Routine Dentrainement Au Poids Du Corps Utilisant Des Pompes Et Des Squats scaled 1
Vous pouvez faire des squats et des pompes à peu près n’importe où, y compris dans votre salon !

Lorsque le désir de faire de l’exercice se fait sentir mais que vous n’avez pas accès à une salle de sport, à des poids libres ou même à des bandes de résistance, vous disposez d’un système intégré qui vous permet d’obtenir un excellent entraînement : votre corps. De plus, vous pouvez faire un entraînement de poids corporel super simple adapté à votre niveau de forme physique et à vos objectifs.

Combinez deux des mouvements les plus accessibles et les plus polyvalents – les squats et les pompes – pour renforcer à la fois le haut et le bas de votre corps. Ce sont tous deux des mouvements fonctionnels, ce qui signifie qu’ils vous aident à développer votre force et votre résistance aux blessures pour vos tâches quotidiennes.

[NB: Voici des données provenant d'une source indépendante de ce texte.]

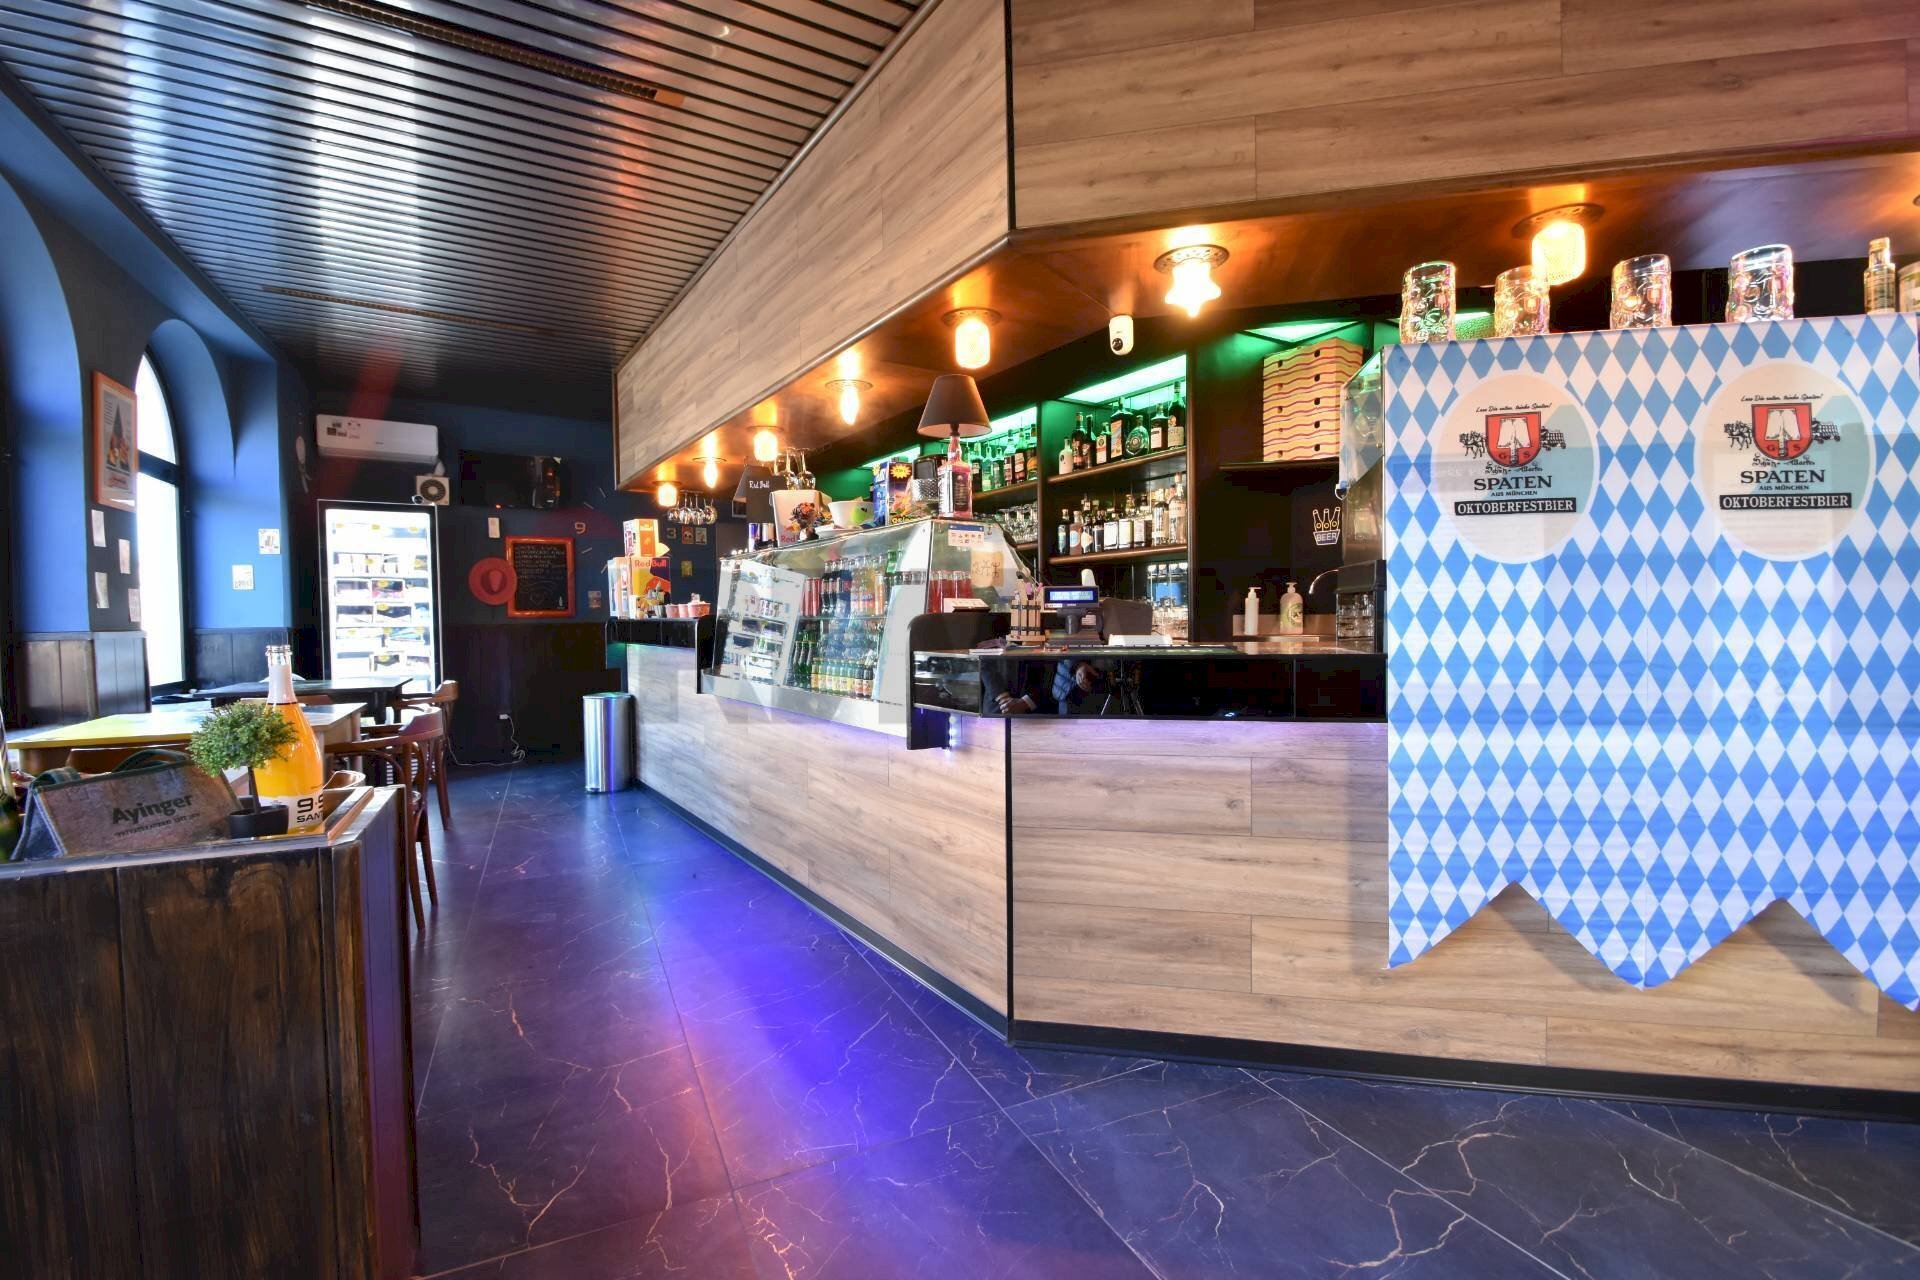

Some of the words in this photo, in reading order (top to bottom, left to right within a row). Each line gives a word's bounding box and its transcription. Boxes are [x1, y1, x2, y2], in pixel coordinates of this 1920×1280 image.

[1473, 475, 1552, 491] SPATEN
[1740, 469, 1826, 484] SPATEN
[1457, 499, 1574, 515] OKTOBERFESTBIER
[1722, 495, 1849, 509] OKTOBERFESTBIER
[1316, 532, 1337, 542] BEER
[634, 559, 651, 568] Red
[112, 794, 192, 825] Ayinger
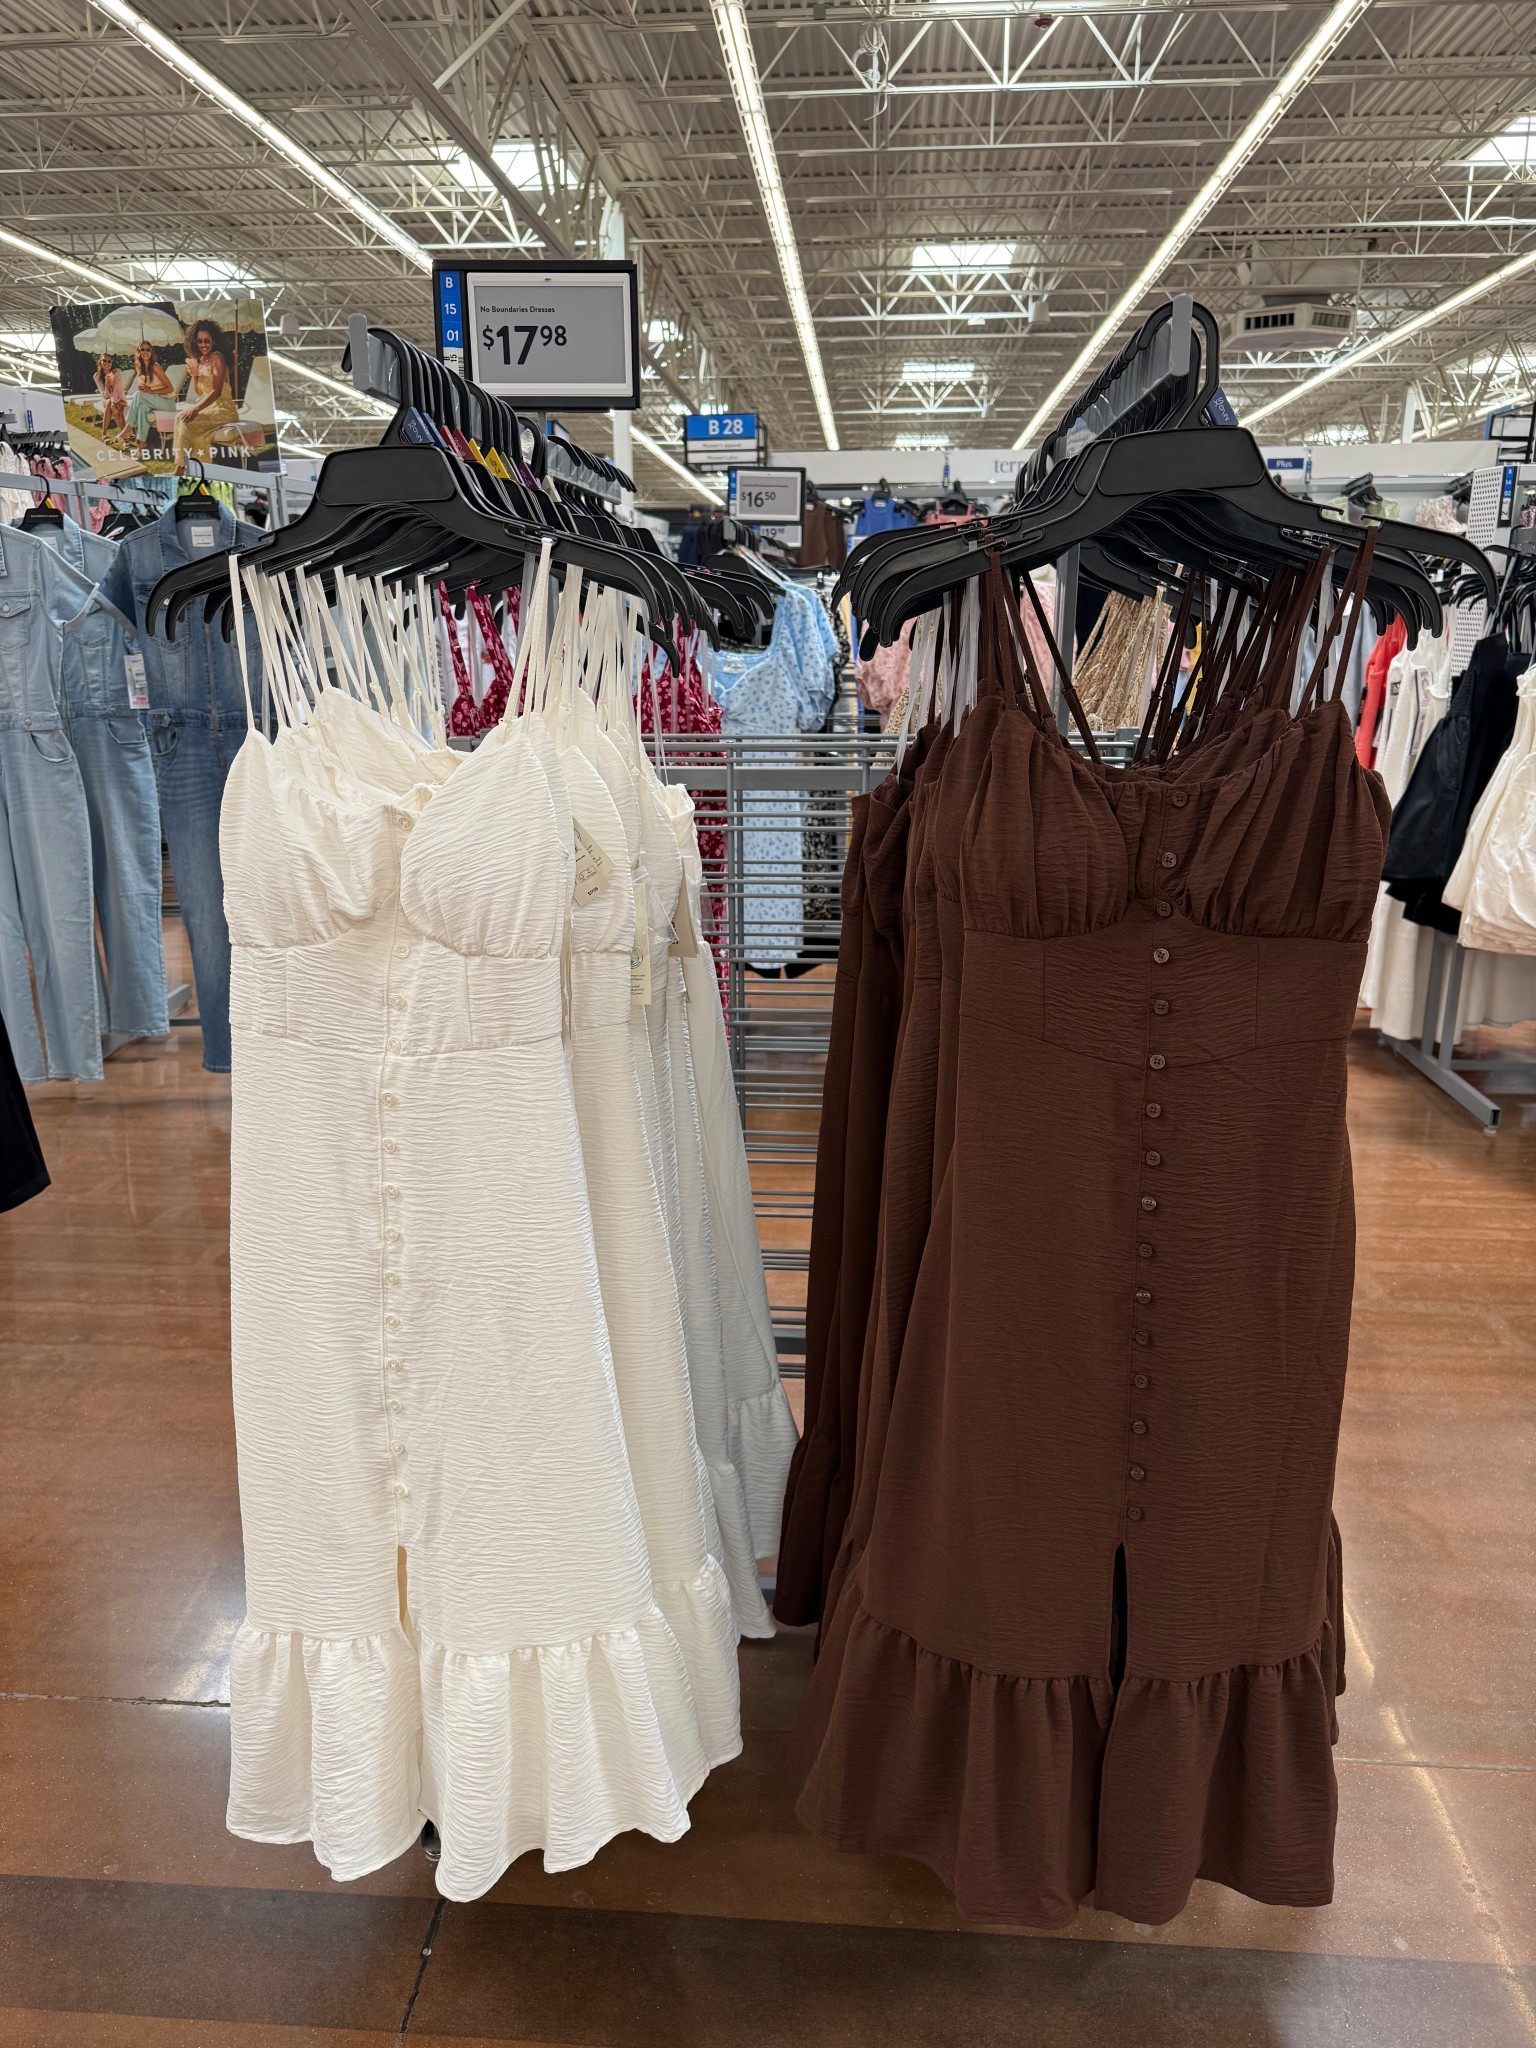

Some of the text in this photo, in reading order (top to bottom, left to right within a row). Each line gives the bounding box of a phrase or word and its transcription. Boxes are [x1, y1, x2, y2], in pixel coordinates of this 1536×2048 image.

[445, 277, 453, 288] B
[444, 304, 457, 314] 15
[446, 330, 459, 341] 01
[708, 419, 744, 435] B 28
[97, 446, 252, 461] CELEBRITY PINK
[1276, 460, 1294, 468] Plus

De plus, vous serez en bonne compagnie. L’American College of Sports Medicine a classé l’exercice au poids du corps comme la principale tendance en matière de forme physique. Essayez cet entraînement de 20 minutes avec uniquement des variations de pompes et de squats pour un entraînement efficace et efficace de tout le corps.

Essayez Cet Entraînement De Squat Et De Pompes De 20 Minutes

La routine ci-dessous est un entraînement en circuit, ce qui signifie que vous effectuerez une série d’exercices en succession rapide pour défier votre endurance et améliorer votre tonus musculaire. L’American Council on Exercise le décrit comme une séance à volume élevé – c’est-à-dire beaucoup de répétitions – et à faible poids. Les squats et les pompes s’intègrent parfaitement !

Lorsque vous intégrez différentes variantes de squats et de pompes, vous mettez l’accent sur différents muscles, vous offrant ainsi un entraînement complet. Par exemple, dans cette routine, les pompes triangulaires ciblent vos triceps, tandis que les pompes Spiderman travaillent vos obliques. Et tandis que les squats se concentrent sur l’endurance du bas du corps, les squats sautés améliorent la puissance du bas du corps.

Réchauffer

Faire : 3 à 5 minutes de marche ou marche sur place.

Entraînement Principal

Faites : chaque exercice pendant 1 minute chacun, dos à dos sans repos. Reposez-vous pendant 60 secondes, puis répétez le circuit une fois de plus.

  1. Tenez-vous debout, les pieds écartés de la largeur des hanches, les bras le long du corps.
  2. Pliez vos genoux et articulez vos hanches pour vous accroupir. Atteignez vos bras devant vous.
  3. Visez à ce que vos cuisses soient parallèles au sol ou en dessous, selon votre mobilité.
  4. Appuyez sur vos talons pour revenir à la position debout.